» Exercise directions:
An exact repetition of every entry, with no images, is the required answer.

──────── Exercise data

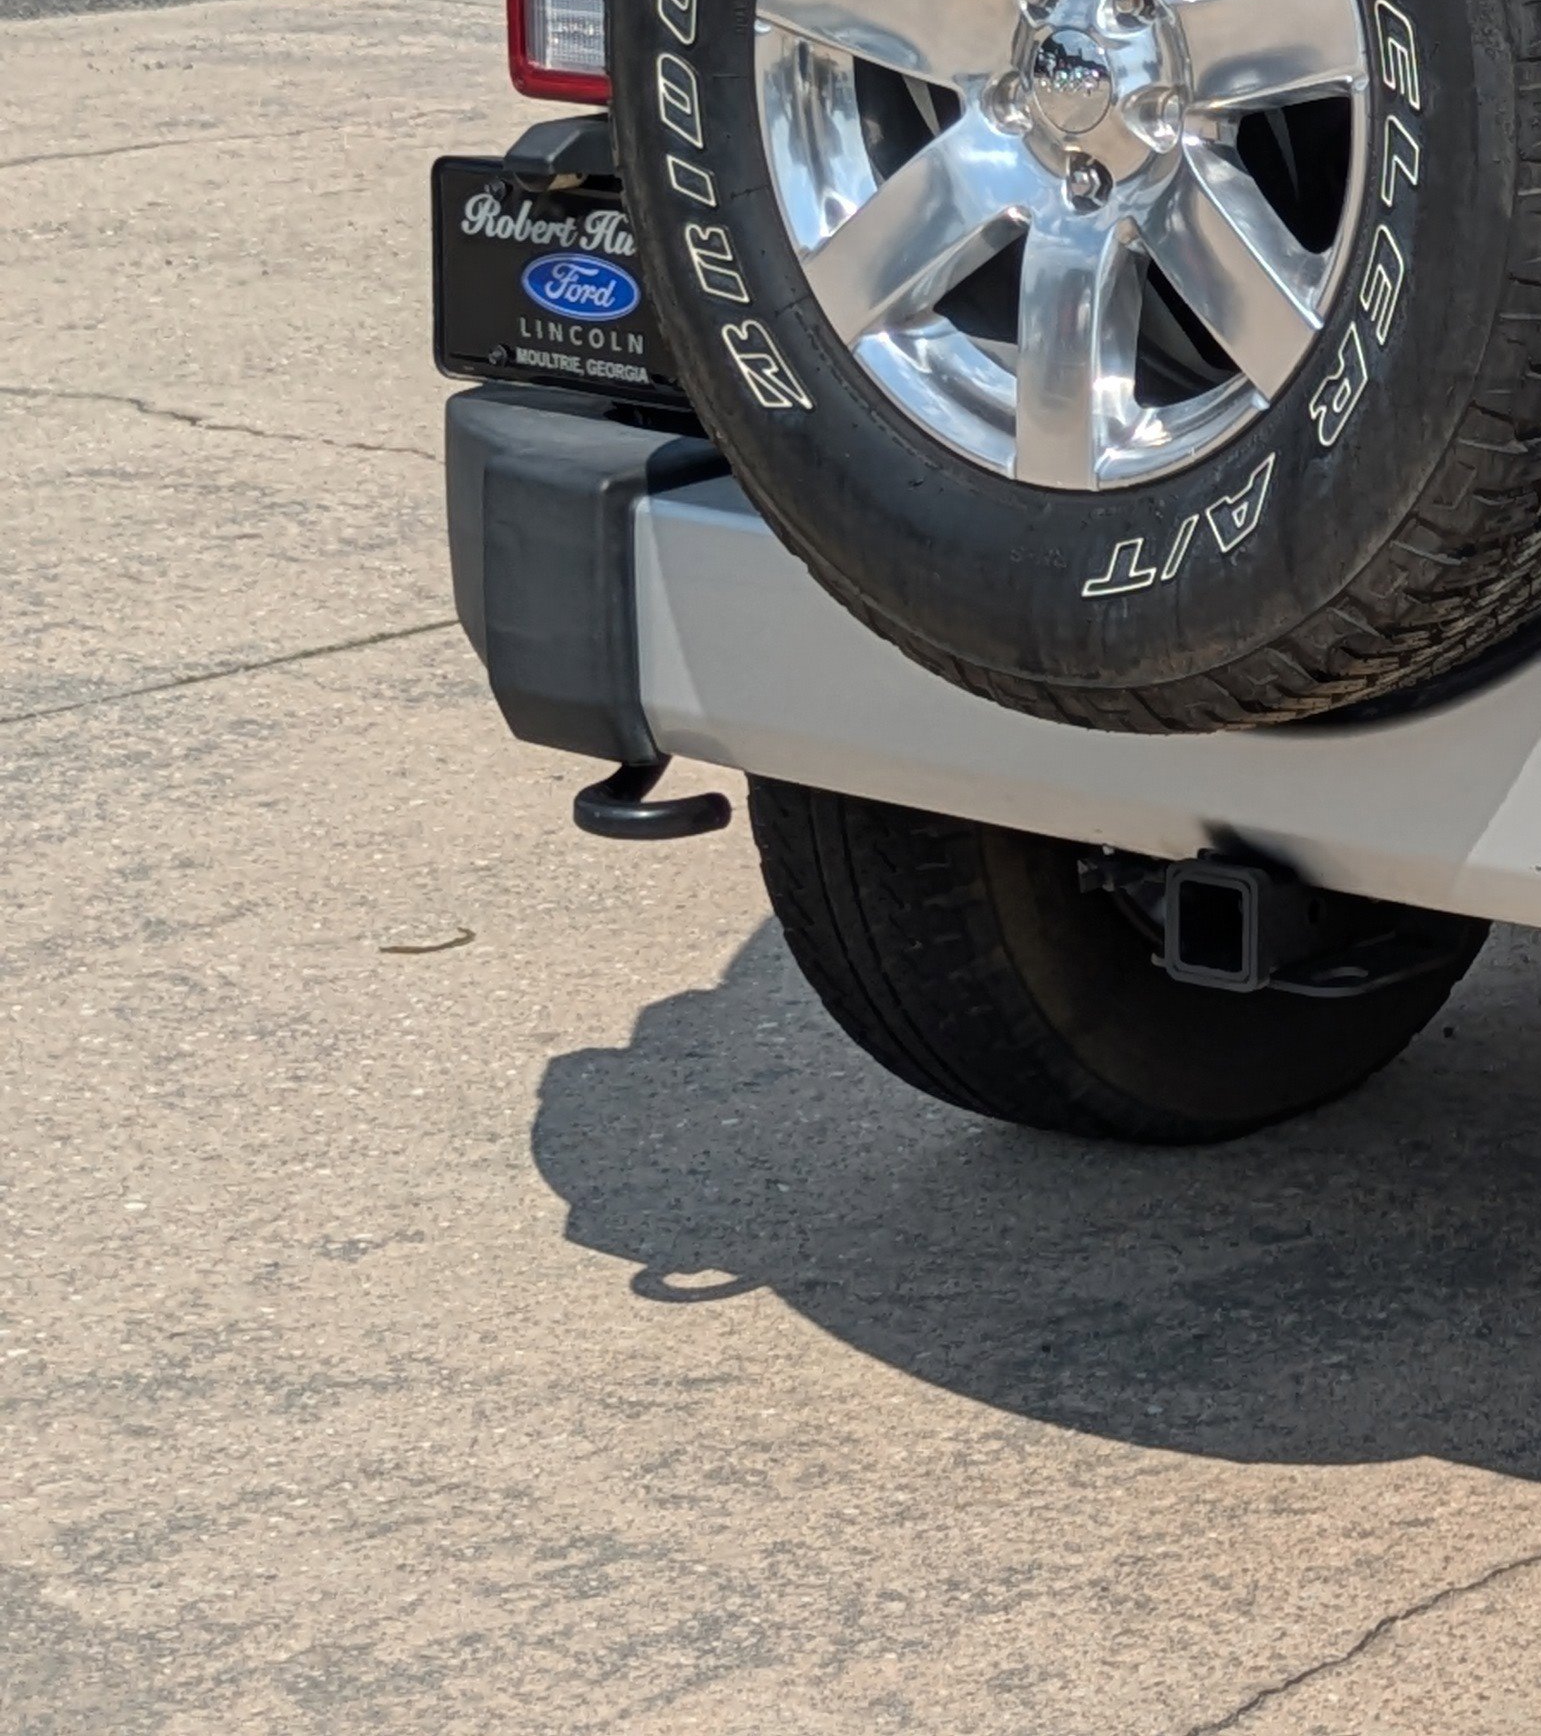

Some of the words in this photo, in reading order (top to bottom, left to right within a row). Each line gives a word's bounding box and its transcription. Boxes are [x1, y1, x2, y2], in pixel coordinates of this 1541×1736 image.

[461, 193, 579, 247] Robert
[579, 209, 637, 257] Hu
[543, 262, 617, 308] Ford
[518, 316, 645, 355] LINCOLN
[515, 347, 585, 377] MOULTRIE,
[585, 358, 650, 385] GEORGIA
[1080, 454, 1276, 598] A/T

────────────────

» Result of the task:
Some of the words in this photo, in reading order (top to bottom, left to right within a row). Each line gives a word's bounding box and its transcription. Boxes are [x1, y1, x2, y2], in pixel coordinates of this 1541×1736 image.

[461, 193, 579, 247] Robert
[579, 209, 637, 257] Hu
[543, 262, 617, 308] Ford
[518, 316, 645, 355] LINCOLN
[515, 347, 585, 377] MOULTRIE,
[585, 358, 650, 385] GEORGIA
[1080, 454, 1276, 598] A/T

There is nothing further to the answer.